Every Picture Is a Compromise
Lessons from the Also-rans
Most photography websites show the photographer's very best work. Wonderful. But that's not the full story of a creative life. If we want to learn, we'd better pay attention to the images that aren't "greatest hits" and see what lessons they have to offer. Every picture is a compromise — the sum of its parts, optical, technical, visual, emotional, and even cosmic – well, maybe not cosmic, but sometimes spiritual. Success on all fronts is rare. It's ok to learn from those that are not our best.
This is a series about my also-rans, some of which I've been able to improve at bit (i.e., "best effort"), none of which I would consider my best. With each there are lessons worth sharing, so I will.
Previous image | Next image |
Original digital capture
Pictures Come from Pictures Week
This week will see the 1,000th post in this series, so it seems like a good time to scan back — way back — to my beginnings. Each day I'll look at a contact sheet (above) from my film archives and compare it to a more recent image of the same visual idea. There is nothing new under the sun, or as Carl Chiarenza says, "Pictures come from pictures."

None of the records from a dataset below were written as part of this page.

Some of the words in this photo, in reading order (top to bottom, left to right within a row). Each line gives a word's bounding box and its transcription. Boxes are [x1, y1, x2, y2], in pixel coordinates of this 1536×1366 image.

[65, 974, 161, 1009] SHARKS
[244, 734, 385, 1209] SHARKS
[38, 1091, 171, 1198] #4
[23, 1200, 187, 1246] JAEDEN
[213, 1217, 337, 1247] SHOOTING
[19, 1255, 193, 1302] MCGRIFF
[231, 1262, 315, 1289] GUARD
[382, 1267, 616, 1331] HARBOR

The contact sheets are all from the mid-1980s or 90s. The revisited images at left are all digital images after 2005.
The Backstory:
I remember years ago seeing an Ansel Adams image of a burnt tree stump. I thought it was great the way he was able to make black out of dark gray tones. I'm assuming that's why I have lots of burnt tree trunk photographs — that I'd never done anything with because they just didn't glow like Adams' did. The one above (from 1995) has potential, but I never printed it in my darkroom.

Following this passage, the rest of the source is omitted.